As DM progressed, the hyperglycemia status initiates breakdown of RPE barrier. RPE cells could decompensate at any stages of DME on interindividual variation and then patients develop SRD. Consequently, accumulation of the fluid causes edema (CME/DRT). Fibrocellular proliferation on the internal limiting membrane further results in ERM secondary to DM retinopathy or intravitreal injections.

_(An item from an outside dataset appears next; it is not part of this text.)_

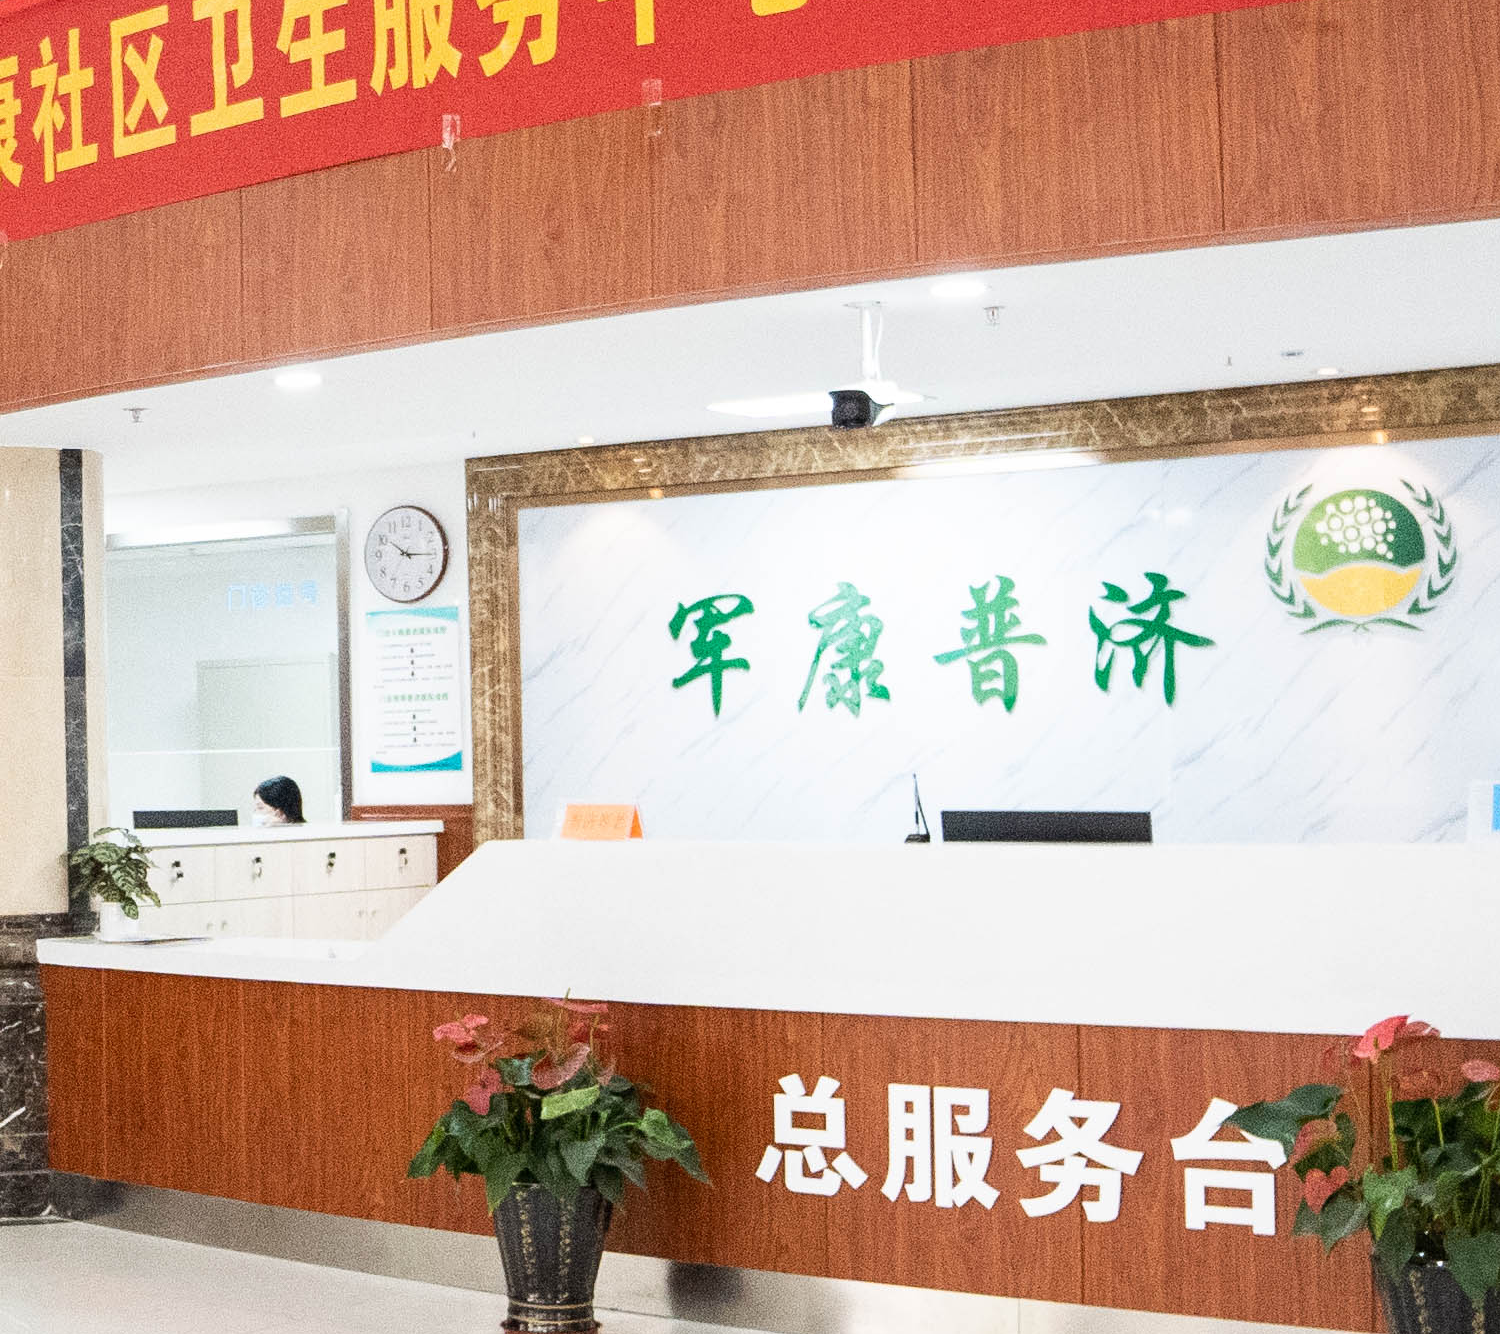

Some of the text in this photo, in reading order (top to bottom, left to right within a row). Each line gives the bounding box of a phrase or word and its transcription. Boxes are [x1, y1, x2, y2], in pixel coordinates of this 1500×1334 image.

[667, 572, 1216, 717] 军康普济
[755, 1073, 1287, 1236] 总服务台
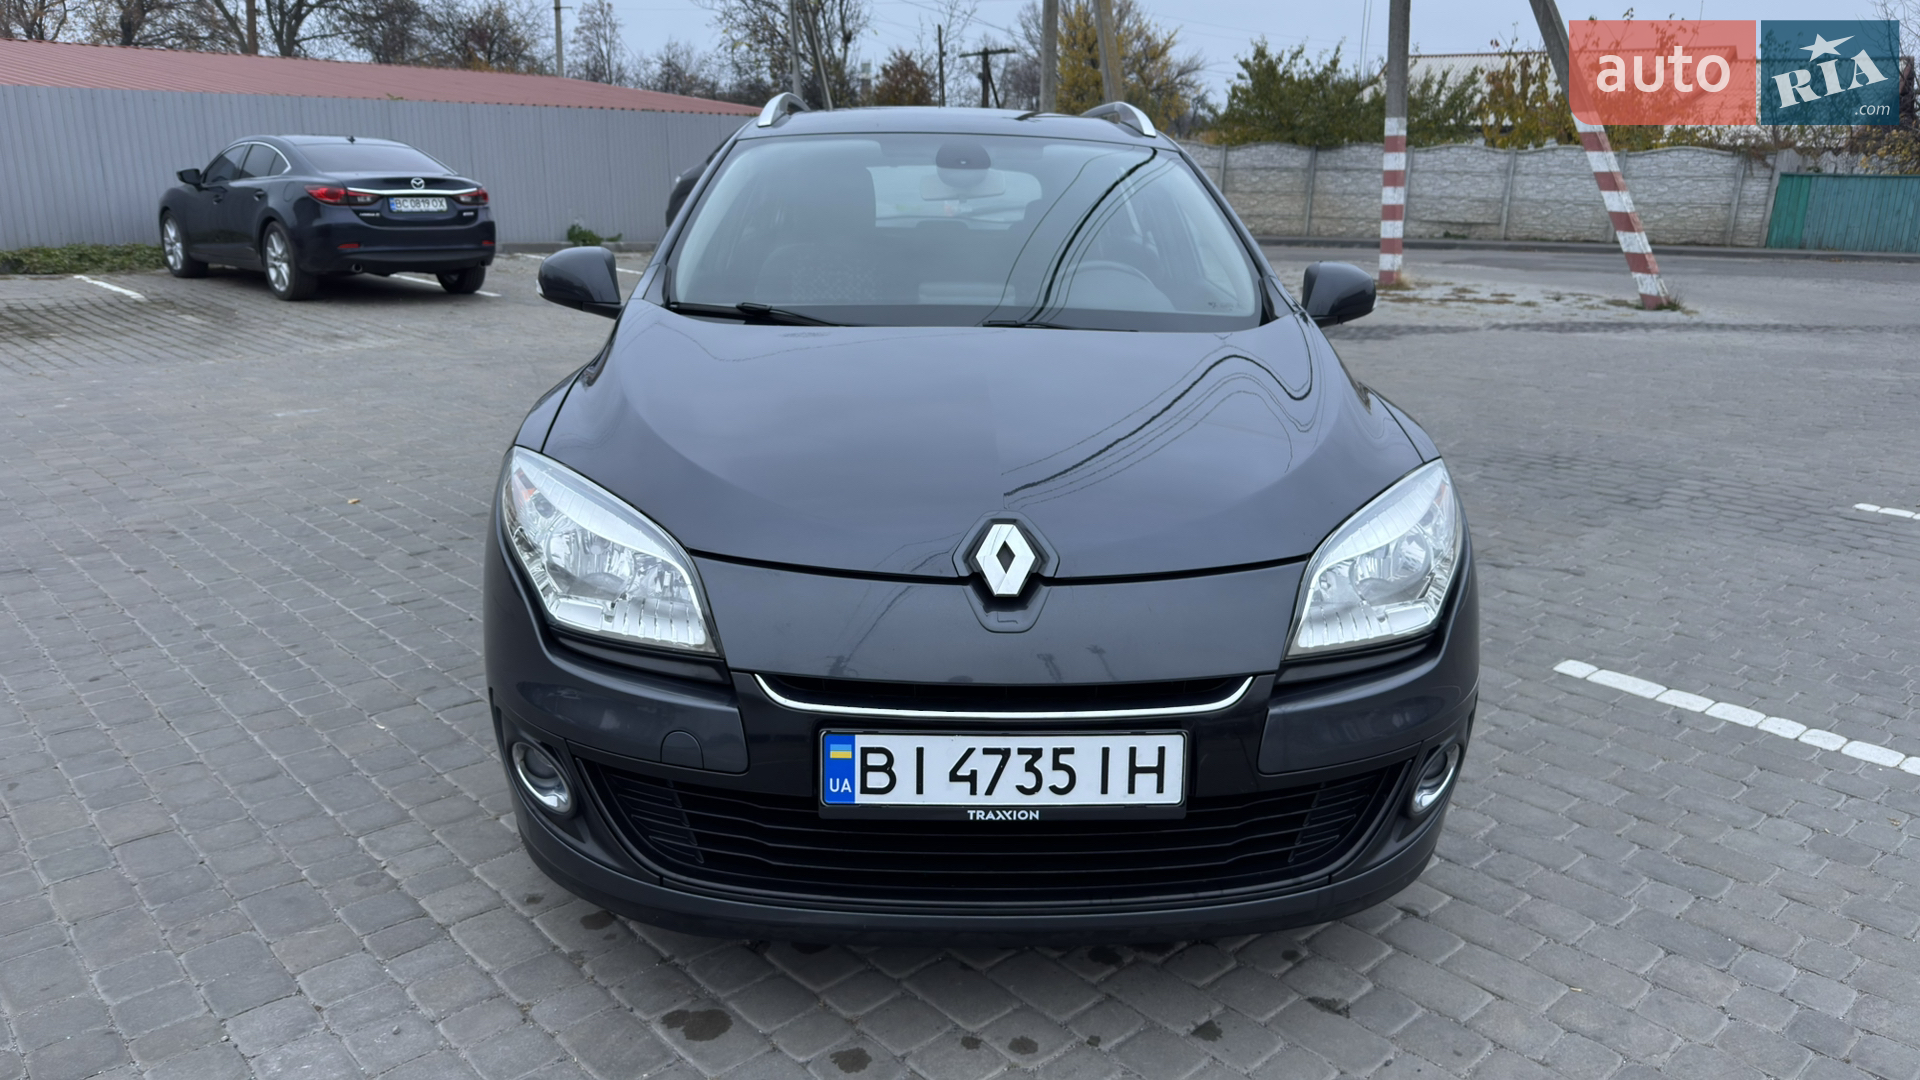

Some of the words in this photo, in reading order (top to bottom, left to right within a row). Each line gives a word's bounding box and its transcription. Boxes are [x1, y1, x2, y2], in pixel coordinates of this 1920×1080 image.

On the aspect of the association between DM retinopathy and cardiovascular diseases such as stroke or CAD, prior studies have addressed that patients with type 2 diabetes and DME or PDR have an increased risk of cardiovascular events [30]. In our present study, we found DME patient with stroke had a 6.4-fold increase in the relative risk of developing into another DME subtypes. This finding may account for the relationship between stroke and severe diabetes, or the relevant confounding factors related to stroke. Moreover, for patients taking aspirin regularly, the anti-inflammatory agent as a confounding factor may block the gap junction communication between the RPE cells, damage retinal microenvironment [31], and possibly worsen the progression of DME.

Our study has several limitations to be noted. First, this nonrandomized and uncontrolled study retrospectively collected data from a relatively small number of patients without standardized treatment regimen. Second, due to the reimbursement limitations, most patients were undertreated with a mean number of 5.33 injections over 24 months. Data were derived from poor-quality images, previous treatments, or short follow-up period resulted in relative large number of excluded cases. Yet, eyes with different duration of DME, control of DM, and timing for injections were not evaluated, reflecting real-life conditions in clinical practice.

5. Conclusions

In summary, macula edema disappeared rapidly after IVIR treatment and might recur or even evolve to other subtypes over time, indicating a disease progression with poor structure and visual outcome. Pathologic fibrocellular changes at the vitreomacular interface were the most common type of changes and presented in all eyes with DME regardless of the type of macular edema as classified by SD-OCT. We suppose SRD may be an indicator of earlier stage DME, which responds well to IVIR and seldom transforms into other subtypes under intravitreal anti-VEGF therapy. Future research should focus on exploring different etiologies in DME, which would allow clinicians to offer more precise and individualized treatments.